The Netherlands – first; The US – last
The Netherlands may not have made it to number 1 in soccer, but they leaped to the head of pack in health system performance.
Those who consistently tout the US health care system as the best in the world clearly are not paying attention to this and similar studies. In fact, they are not listening to their neighbors, or at least to other Americans.
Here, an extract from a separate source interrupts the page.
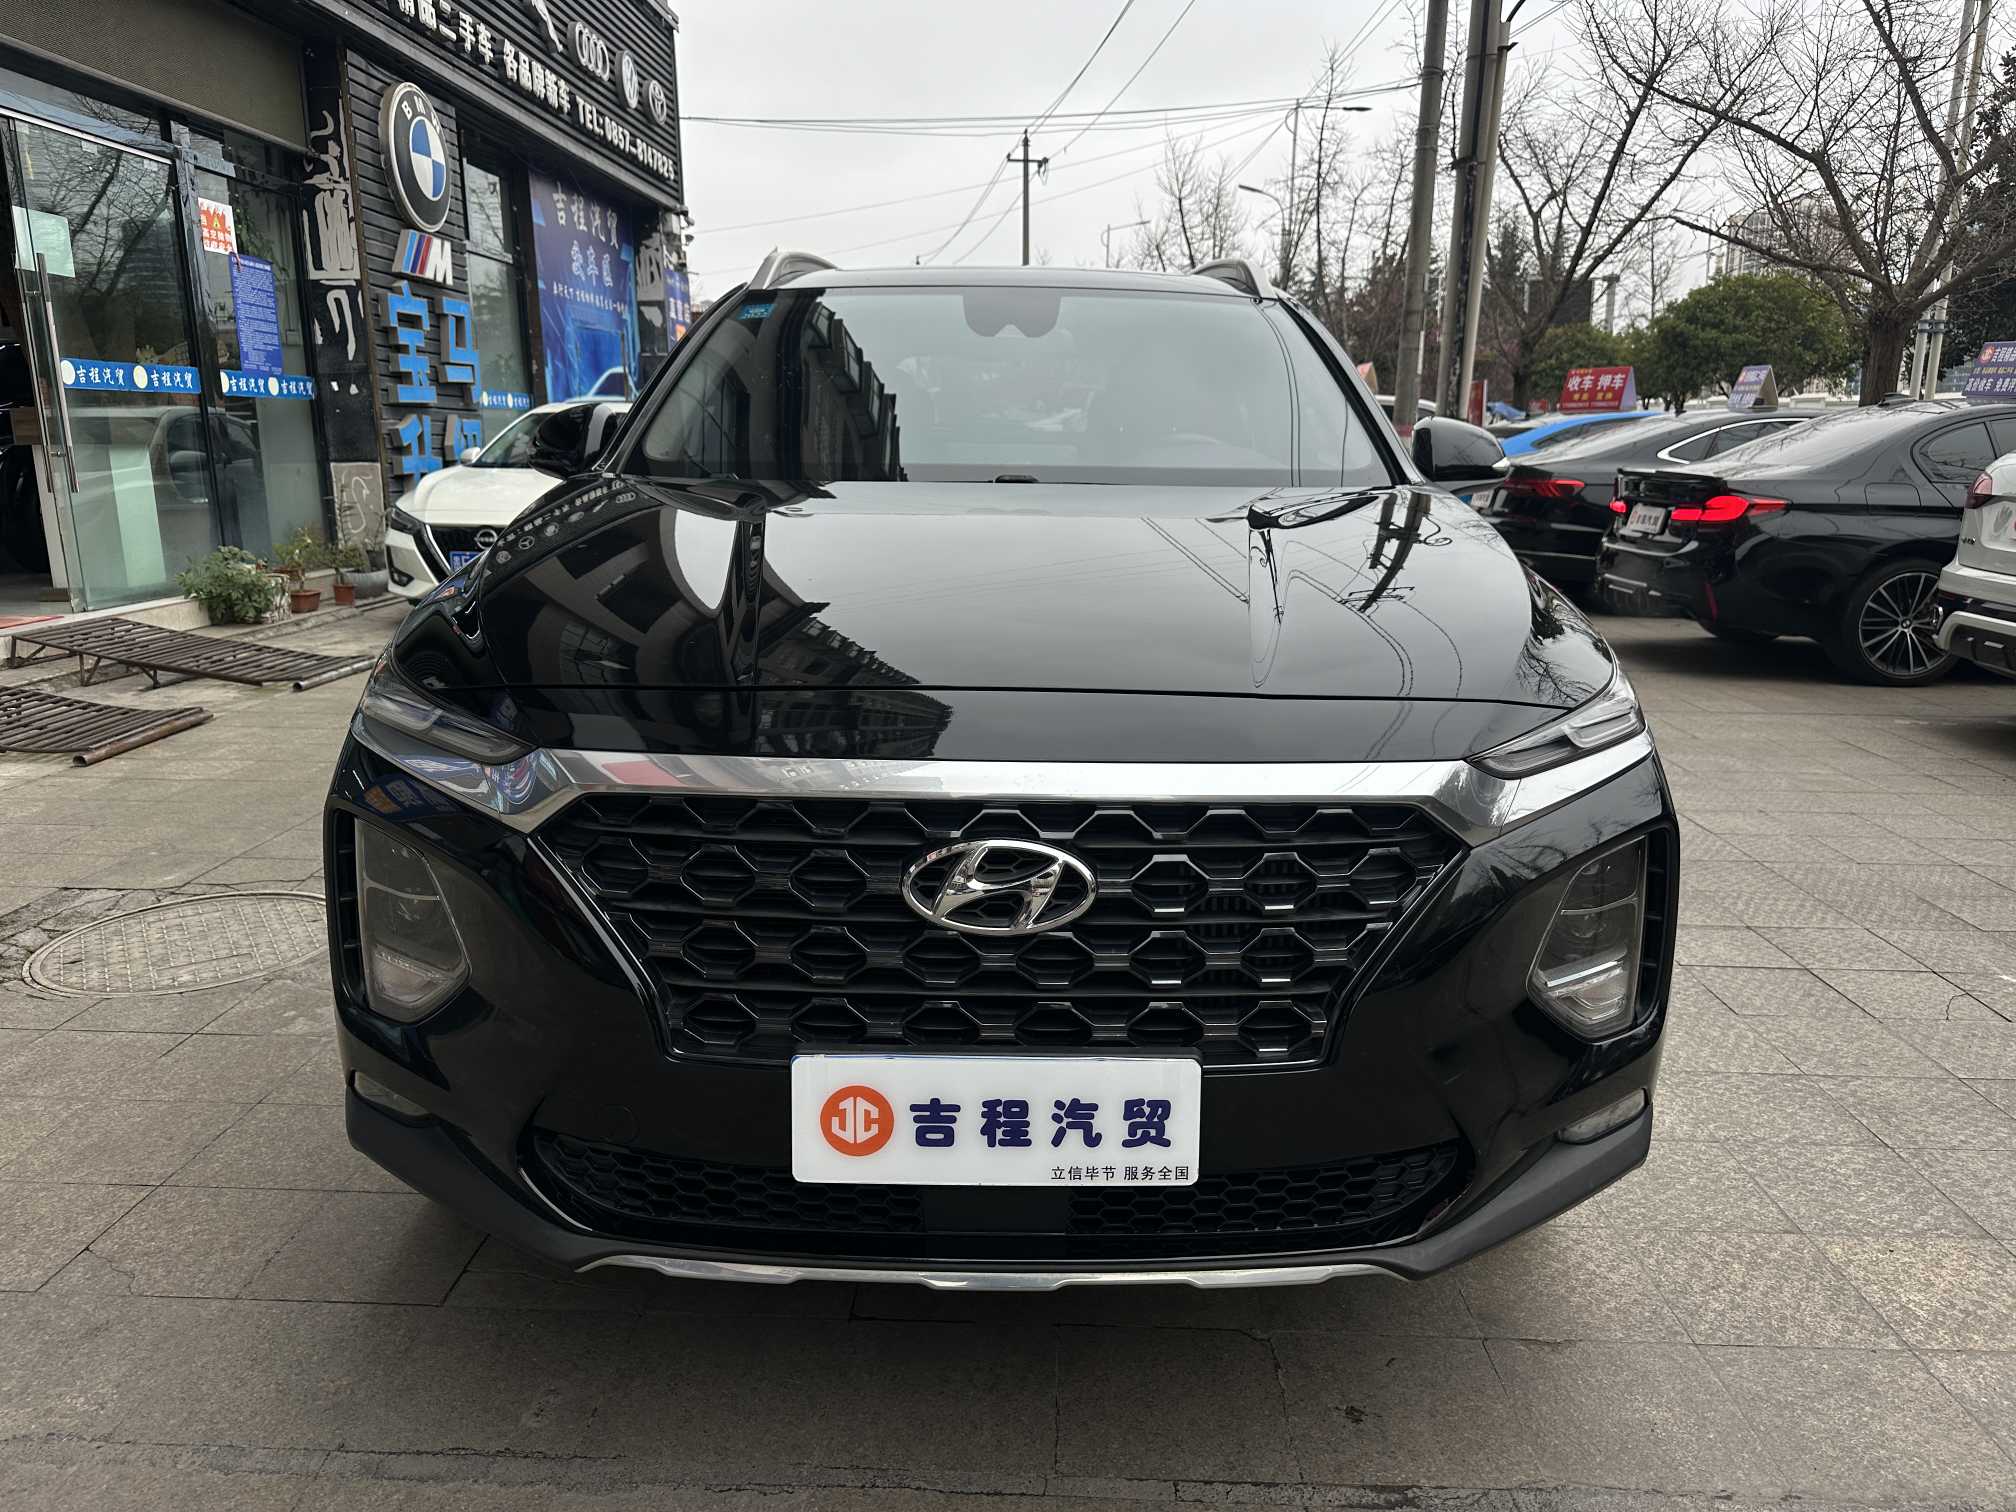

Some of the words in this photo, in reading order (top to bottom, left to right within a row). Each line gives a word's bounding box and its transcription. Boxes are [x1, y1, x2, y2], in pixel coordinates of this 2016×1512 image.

Although the U.S. spends more on health care than any other country and has the highest rate of specialist physicians per capita, survey findings indicate that from the patient’s perspective (emphasis added) , the quality of American health care is severely lacking. The nation’s substantial investment in health care is not yielding returns in terms of public satisfaction.
In addition:
Americans and higher-income Americans were more likely than their counterparts in other countries to report problems such as not getting recommended tests, treatments, or prescription drugs.18 This is undoubtedly a reflection of the lack of comprehensive health insurance coverage and the high out-of-pocket costs for care in the U.S., even among the insured and those with above-average incomes.
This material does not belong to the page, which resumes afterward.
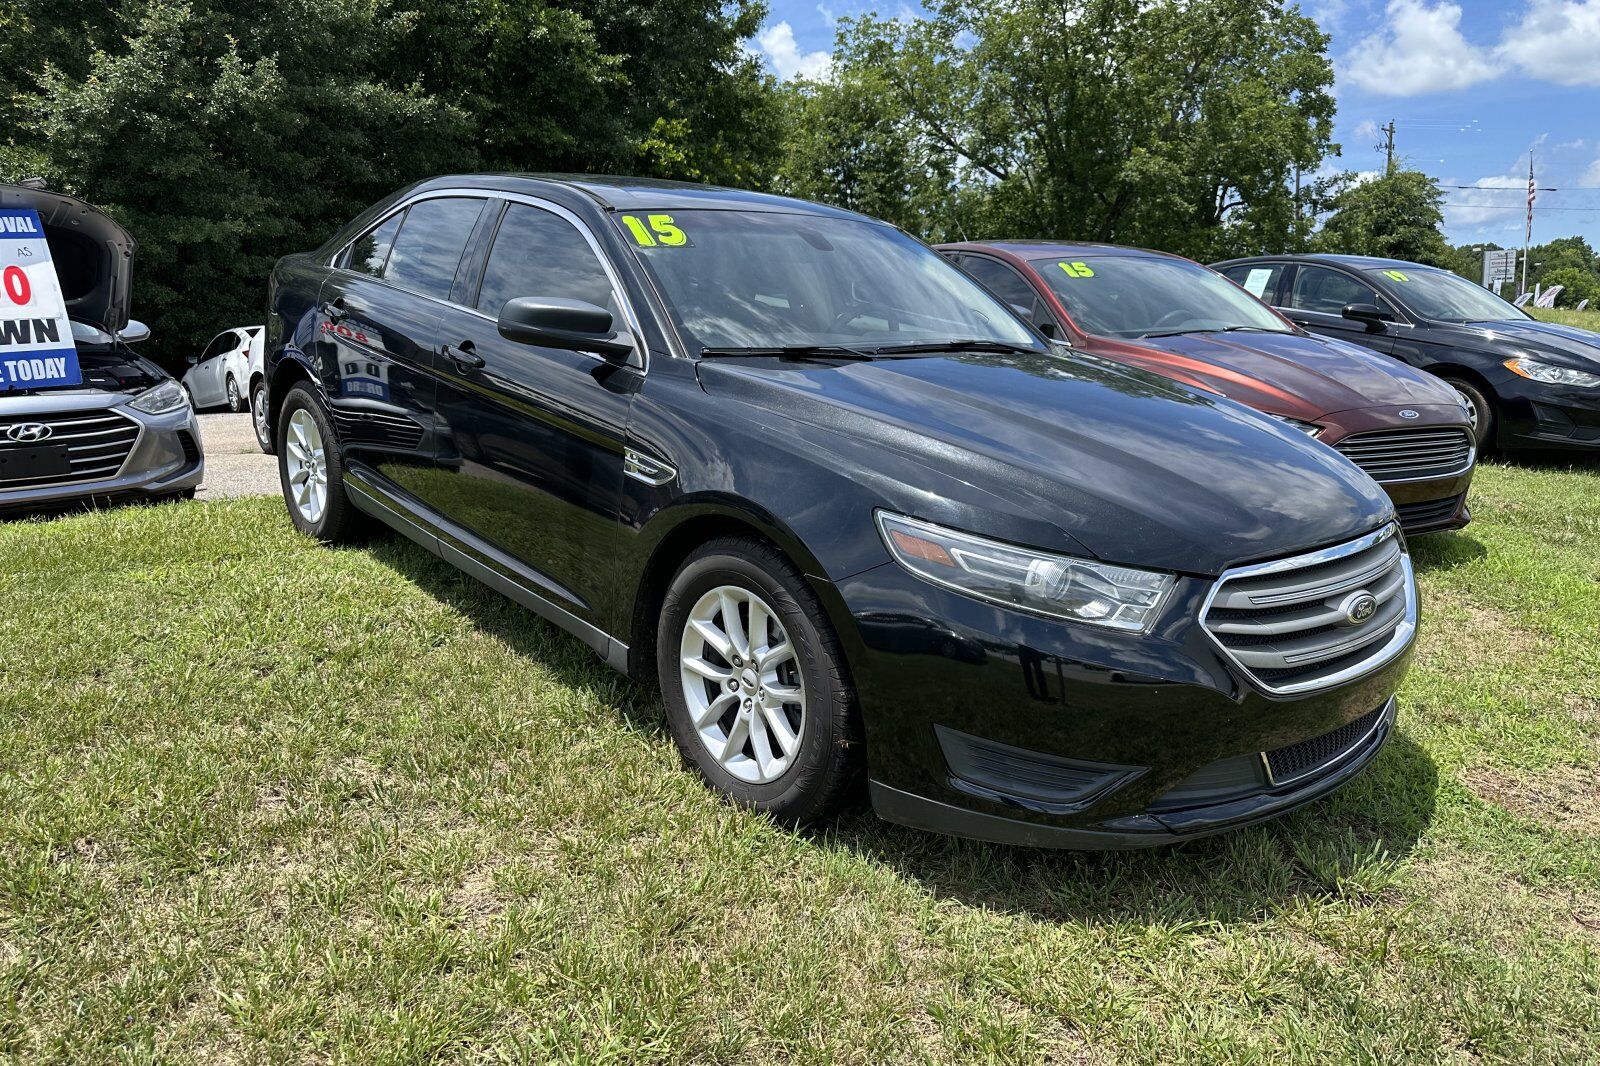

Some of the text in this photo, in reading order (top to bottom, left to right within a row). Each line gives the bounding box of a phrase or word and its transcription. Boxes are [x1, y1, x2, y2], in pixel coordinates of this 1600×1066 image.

[622, 214, 687, 247] 15
[17, 246, 33, 257] AS
[1058, 262, 1095, 278] 15
[4, 357, 66, 382] TODAY
The study does not dwell on the cost of care, but instead focuses on its dimensions of a high performance health systems: quality, access, efficiency, equity, and long, healthy and productive lives.
Quality
For some, this is supposed to be the one area that the US excels in. Unfortunately, the only positive spin potential here is that this is the only dimension in the study that the US did not finish dead last in. The US finished behind Canada on quality. In fact, in one sub-dimension of quality we were number one – prevention.
Access
No surprise here. The US finished last. But one sub-dimension of access was timeliness of care. Even here we finished next to the last in a survey that included questions like time needed for medical attention and emergency room waiting time.
Efficiency
This is the one dimension that examined cost and cost as a percentage of GDP. But it also included re-admissions, duplicate tests and unnecessary trips to the ER. The US finished last in this category.
Equity
The U.S. ranks low on all access to care measures and, as a result, does poorly on all measures of equity. … almost half of lower-income adults in the U.S. said they went without needed care because of costs in the past year.
Among the higher-income population, U.S. respondents often were more likely than their counterparts in other countries to report difficulty obtaining needed care because of costs.
Long Healthy and Productive Lives
This should be the ultimate outcome measure for a health care system. This measure examines mortality that might be avoided with health care, infant mortality and healthy life expectancy. The US finished last.
There is a lot in this report that deserves further discussion, but it is a stark reminder that the United States has a long way to go to rank as a high performing health care system.